The Record reveals that Grievant had a full and complete hearing; that he and representatives of his own choosing participated therein; that his right of cross-examination was not restricted; and that he had ample opportunity to present testimony, evidence, and argumentation in his behalf.
The charges against the Grievant were supported by the testimony of only one witness; however, this testimony was subjected to vigorous cross-examination; it was lucid and forceful; it was not adequately refuted; and the man who gave it was not discredited.
Although the proof offered was not free from weaknesses---e.g., it is unfortunate that a major decision of this type must be predicated upon the allegations of one person-a careful study of the Record leads us to the following conclusions: that Claimant had a fair trial; that he was not deprived of any of his rights in the realm of due process; and that there was sufficient evidence to justify the conclusion of the Carrier that Grievant was at fault as charged. Consequently, we cannot agree with the contention that Carrier's. determination in this regard was either arbitrary or capricious.
There remains for our consideration the matter of the discipline imposed, viz., outright dismissal, the most severe penalty the Carrier could assess. We are quite reluctant to disturb the decision in this regard, for the Rules referred to above are vitally important, and we are aware of the fact that the Carrier has great responsibilities in this area.
The Board has been prudently cautious in mitigating Carrier discipline, and on a number of occasions it has declined to consider whether the punishment imposed was too severe-the extent of the penalty in cases of this type usually being a Carrier prerogative. On the other hand, a substantial number of our Awards uphold the principle that we are empowered to and should reduce punishment in what we consider to be a proper case: Award 5752 (1952); Award 8477 (1958); Award 9865 (1961); and Award 10953(1962)-among others.
Here, we believe we are confronted with one of the rare situations which justifies us in reducing the penalty imposed.
The Record shows that Grievant had been without interruption, except for a period of service in the Armed Forces, an employe of the Carrier for more than a decade; that except for the one instance of the alleged violation of Rules on the 31st day of December, 1960, his record as an employe is without blemish; and that he was remarkably well-respected in the community where he worked and resided.
In view of all of these circumstances, we are of the opinion that Carrier's application of the penalty of dismissal was sufficiently harsh to warrant our granting a measure of relief.

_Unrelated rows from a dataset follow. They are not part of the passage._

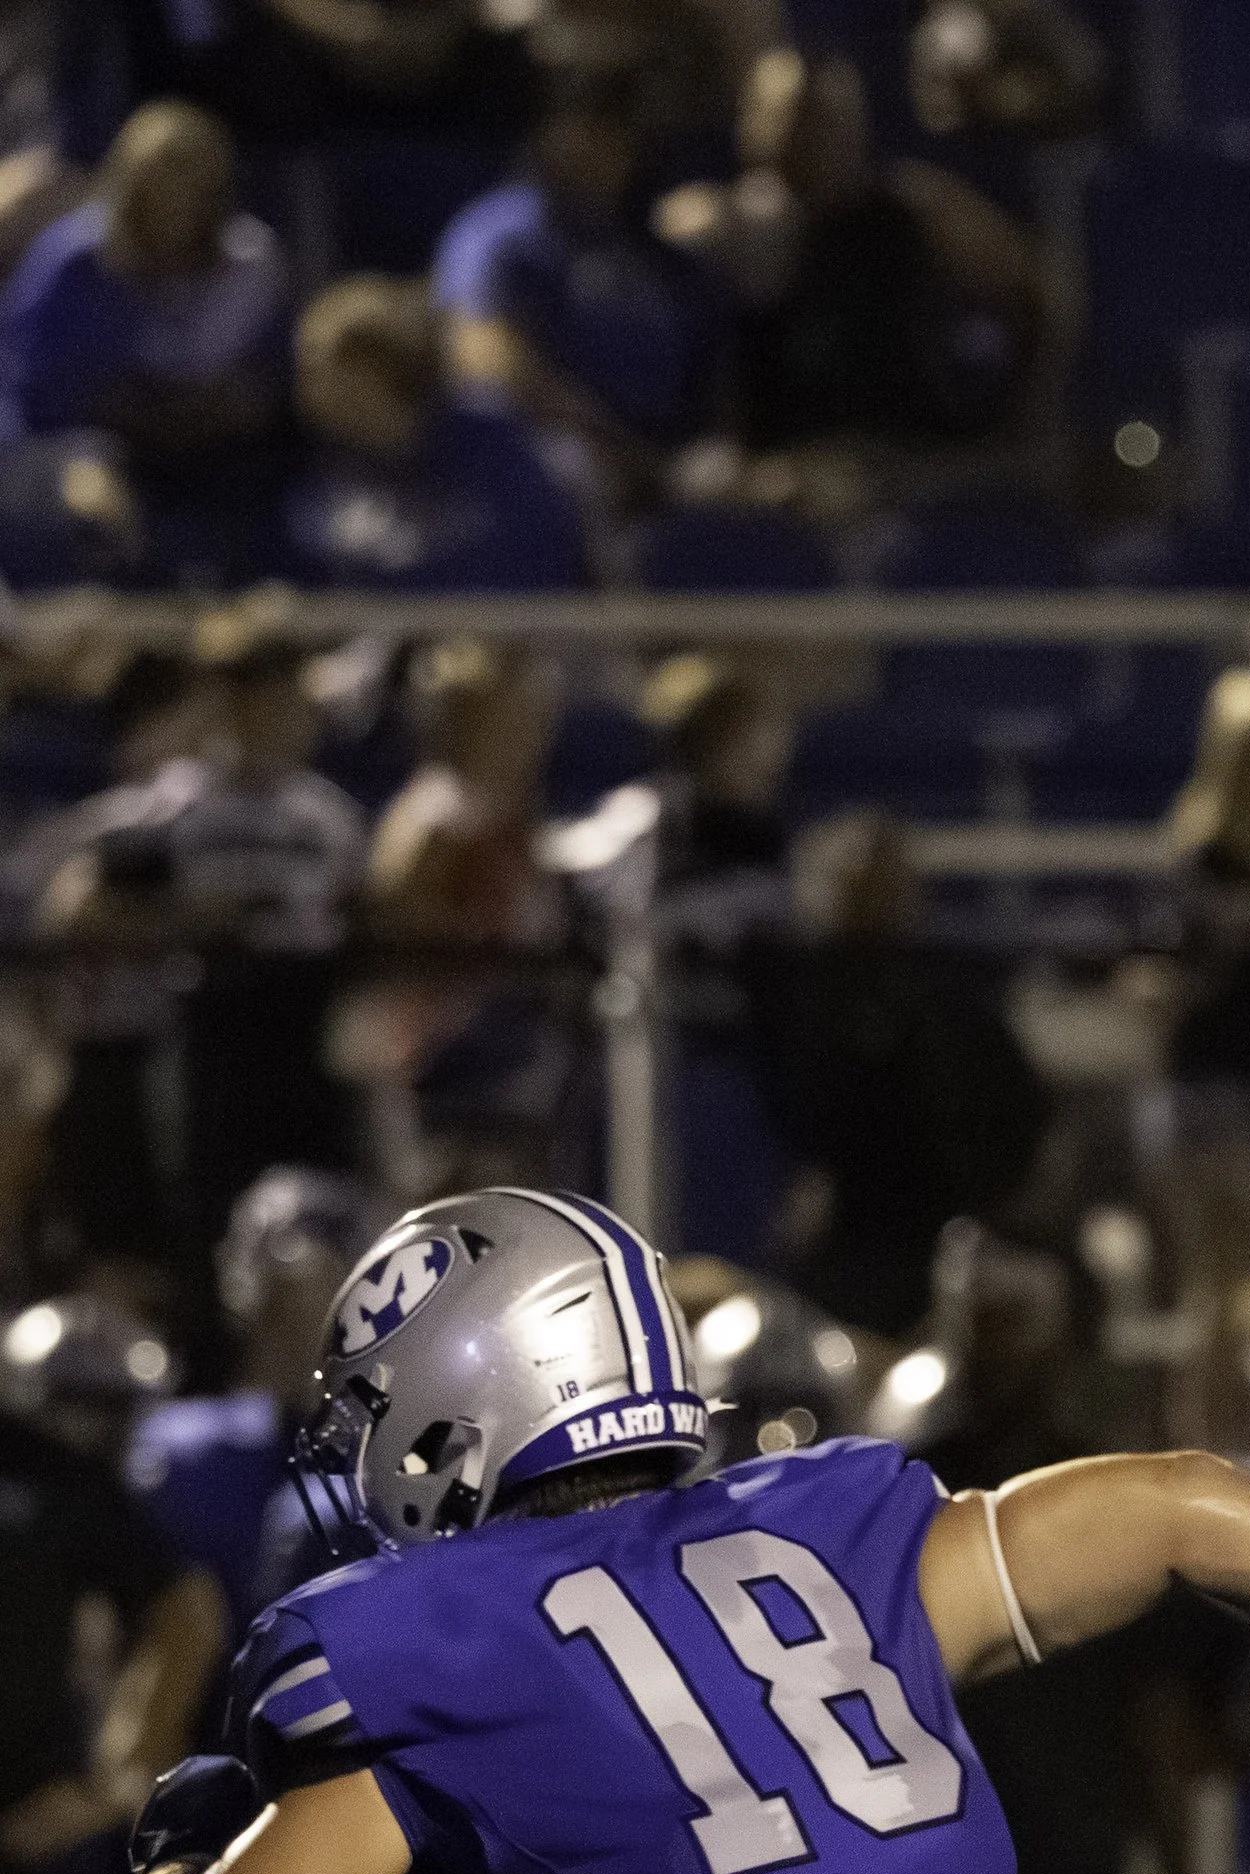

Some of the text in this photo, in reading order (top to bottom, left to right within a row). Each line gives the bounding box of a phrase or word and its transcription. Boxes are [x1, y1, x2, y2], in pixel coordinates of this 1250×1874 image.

[341, 1241, 436, 1353] M
[557, 1380, 580, 1401] 18
[566, 1403, 665, 1453] HARD
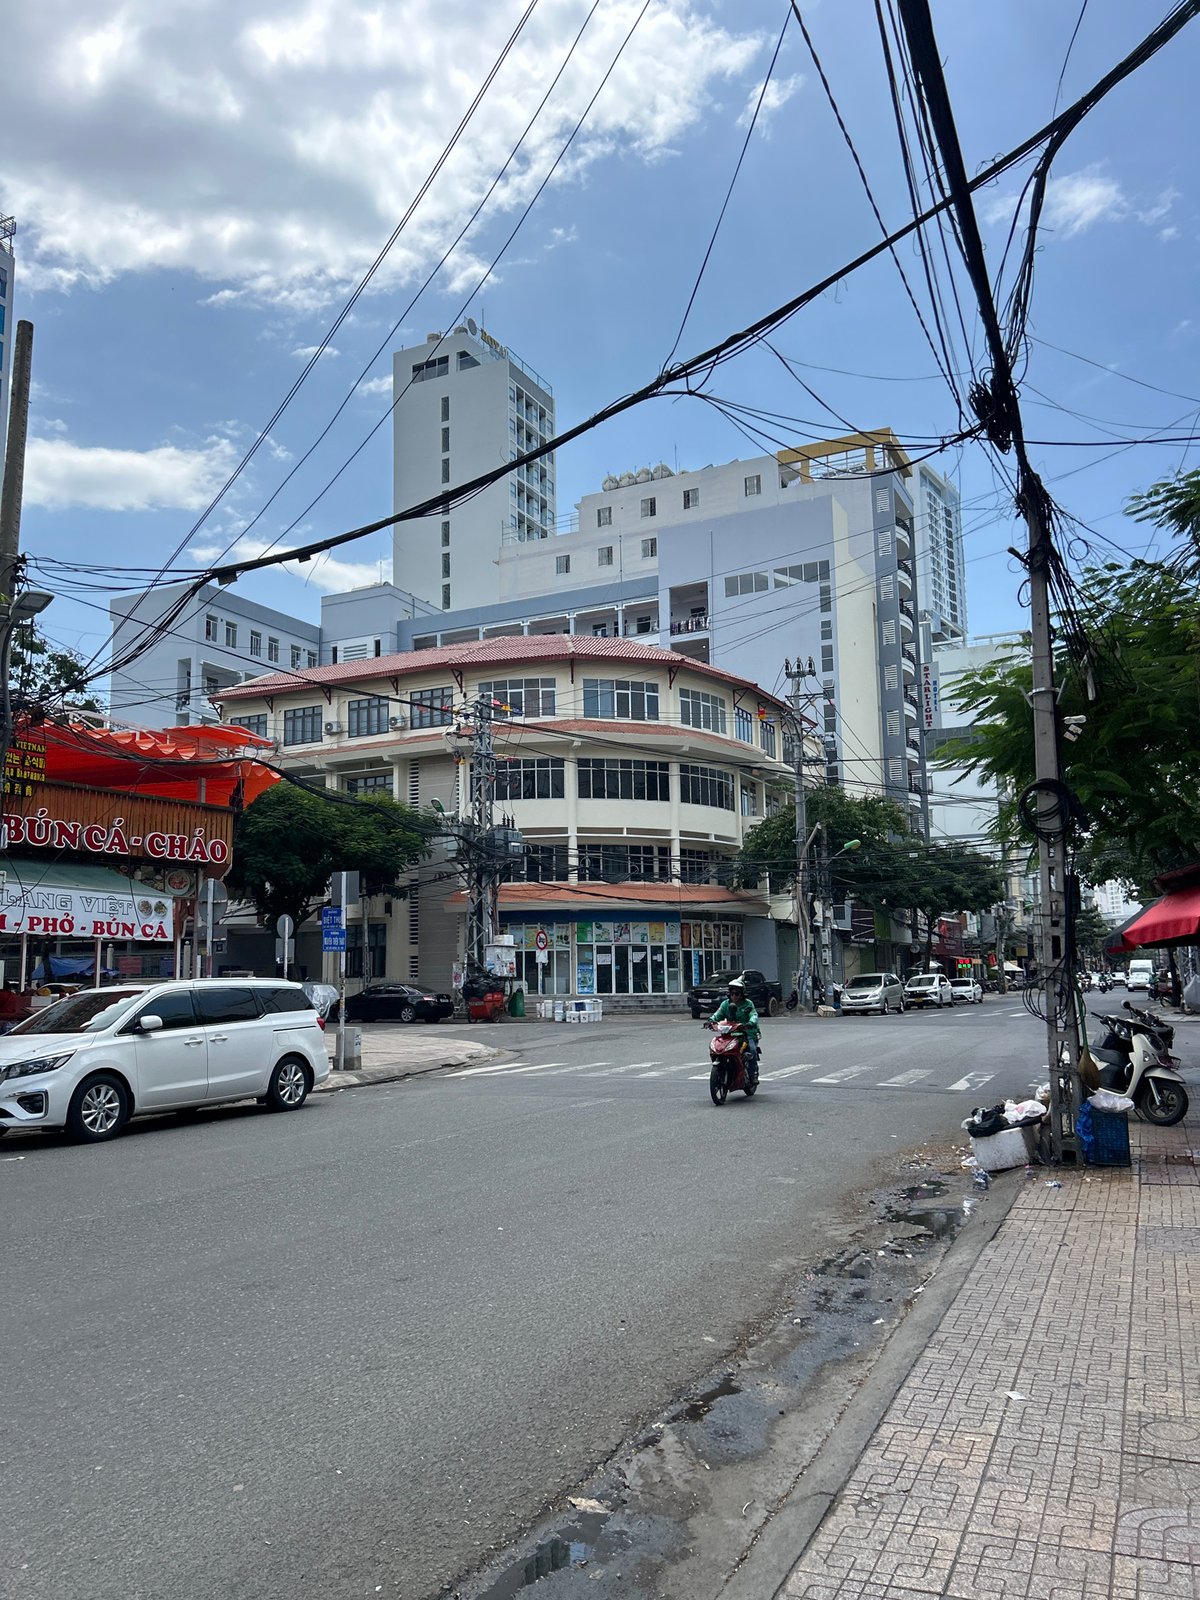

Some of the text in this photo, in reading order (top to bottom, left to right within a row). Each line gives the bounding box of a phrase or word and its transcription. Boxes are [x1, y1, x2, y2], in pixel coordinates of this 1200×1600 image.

[923, 665, 933, 727] STARLIGHT
[3, 807, 81, 849] BÚN
[83, 817, 130, 854] CÁ
[146, 828, 228, 863] CHÁO
[27, 912, 75, 933] PHỞ
[92, 917, 136, 936] BÚN
[140, 921, 168, 939] CÁ
[80, 895, 134, 917] VIỆT

We are of the belief that this Claim should be settled and adjusted by reinstatement of the Claimant, with seniority unimpaired, but without pay for time lost.
FINDINGS: The Third Division of the Adjustment Board, after giving the parties to this dispute due notice of hearing thereon, and upon the whole record and all the evidence, finds and holds: 11344-3 168
That the Carrier and the Employes involved in this dispute are respectively Carrier and Employes within the meaning of the Railway Labor Act, as approved June 21, 1934;
That this Division of the Adjustment Board has jurisdiction over the dispute involved herein; and
That the Claim should be sustained in part and denied in part-as shown and indicated.

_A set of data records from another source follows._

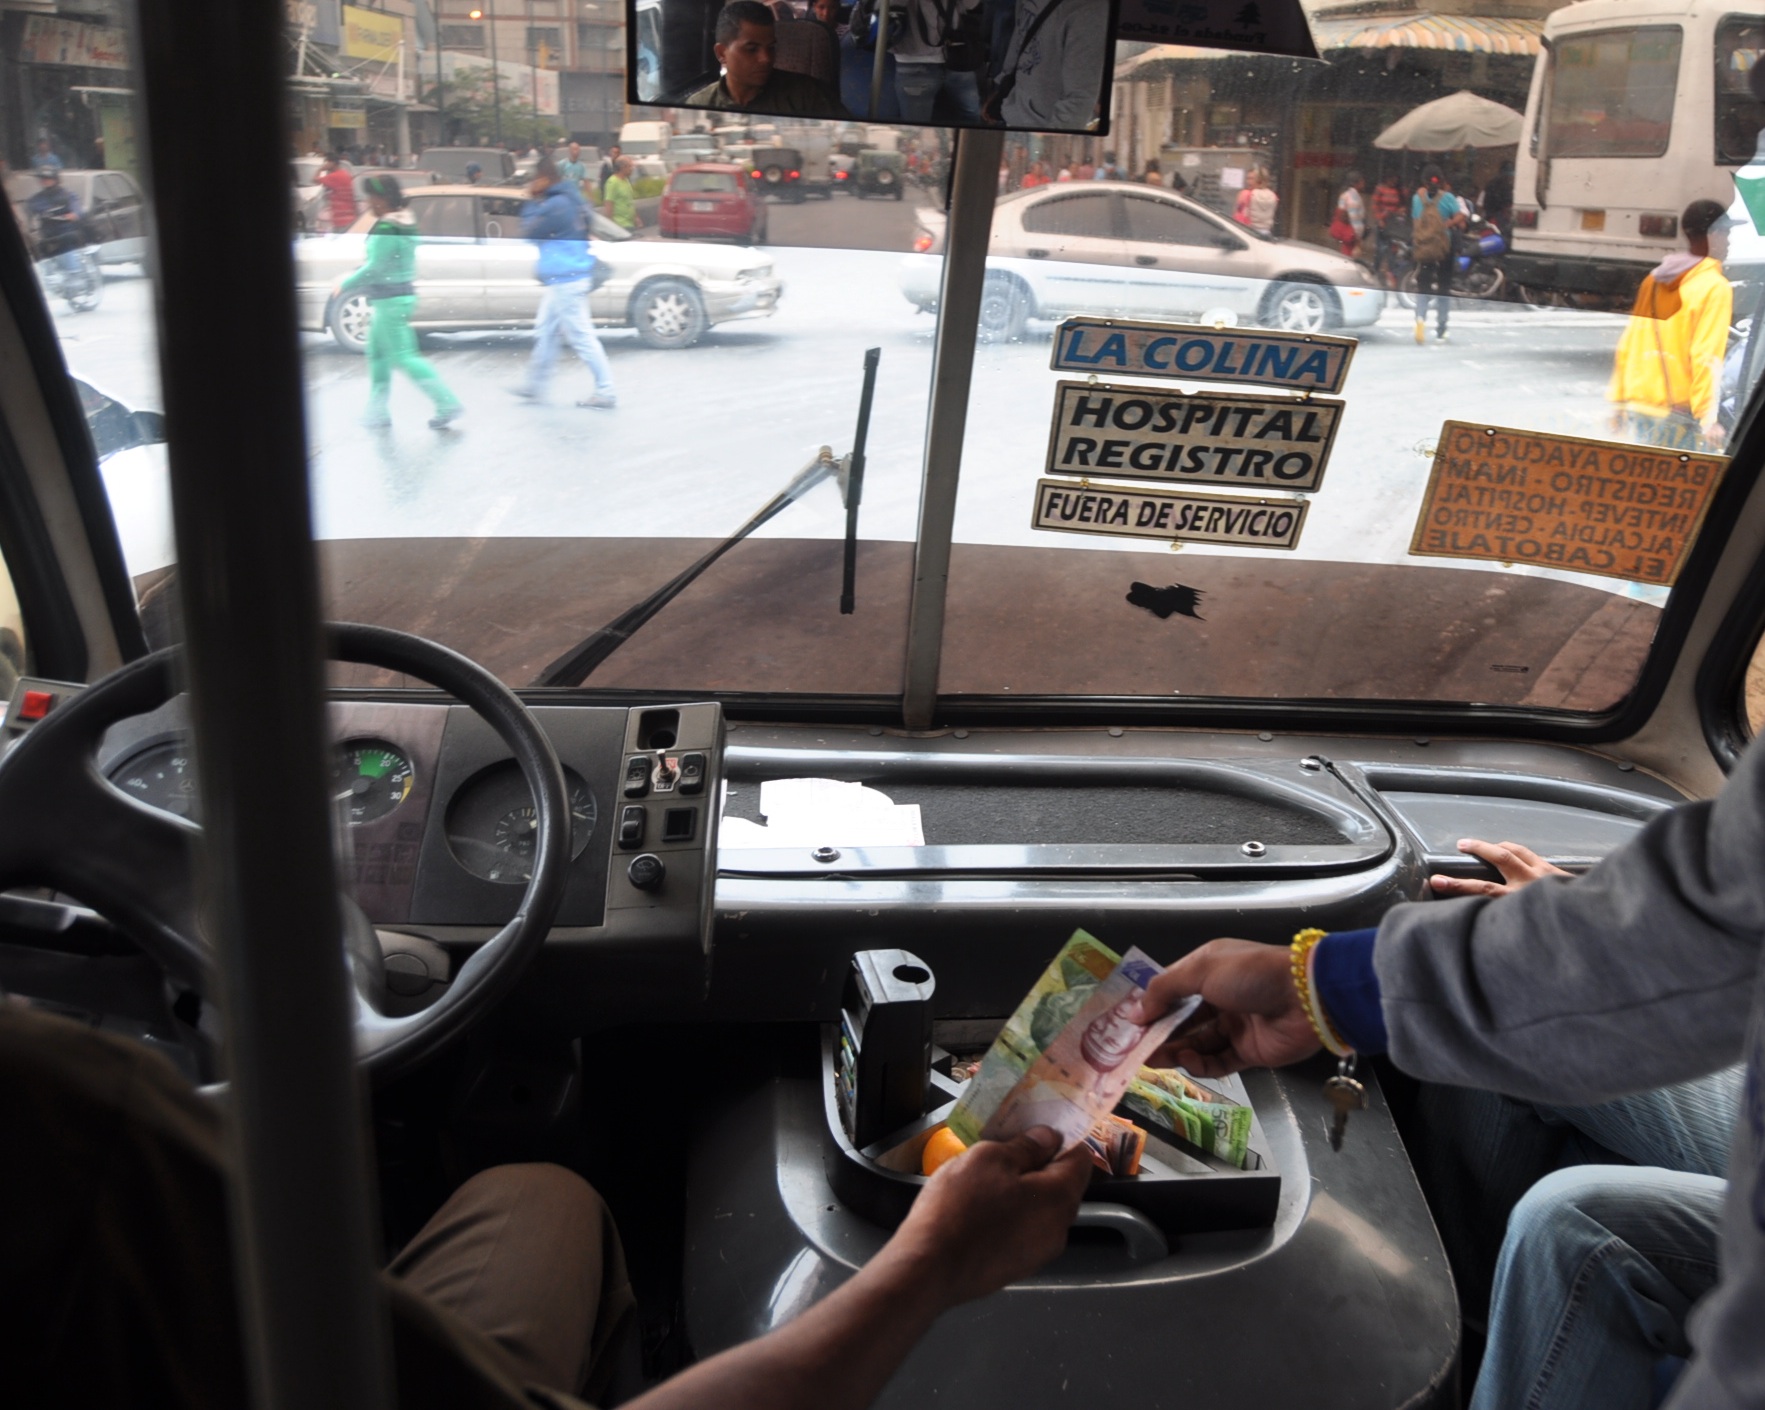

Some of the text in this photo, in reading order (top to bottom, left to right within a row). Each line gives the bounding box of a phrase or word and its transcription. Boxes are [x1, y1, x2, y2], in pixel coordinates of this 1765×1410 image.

[1064, 330, 1329, 383] LA COLINA
[1070, 395, 1322, 443] HOSPITAL
[1061, 437, 1313, 480] REGISTRO
[1044, 492, 1294, 538] FUERA DE SERVICIO
[390, 792, 401, 800] 30
[391, 774, 402, 782] 25
[1212, 1107, 1229, 1139] 50

That Claimant be restored to the service of the Carrier with seniority unimpaired.
With due respect for the finding of the majority that the Claimant here had a fair hearing and was guilty as charged, we dissent to the action of the majority in usurping management prerogative in determining whether or not an employe should be reinstated on a leniency basis. All of the Divisions of the Board have recognized that this Board does not have the power or jurisdiction to reinstate an employe on a leniency basis.
At the time the 1934 Amendments to the Railway Labor Act were being considered, Mr. Joseph B. Eastman, Federal Coordinator of Transportation under the Emergency Railroad Transportation Act of 1933, stated in hearings before the Senate Committee on Interstate Commerce:
"Take the questions of discipline, for example. It seems to me that such a national board, if it were wise, ought to make it perfectly clear at the outset that it will not interfere in matters of discipline unless it has an exceedingly good case, and all doubtful cases after it has made that policy clear would not be referred, I assume, to the national board."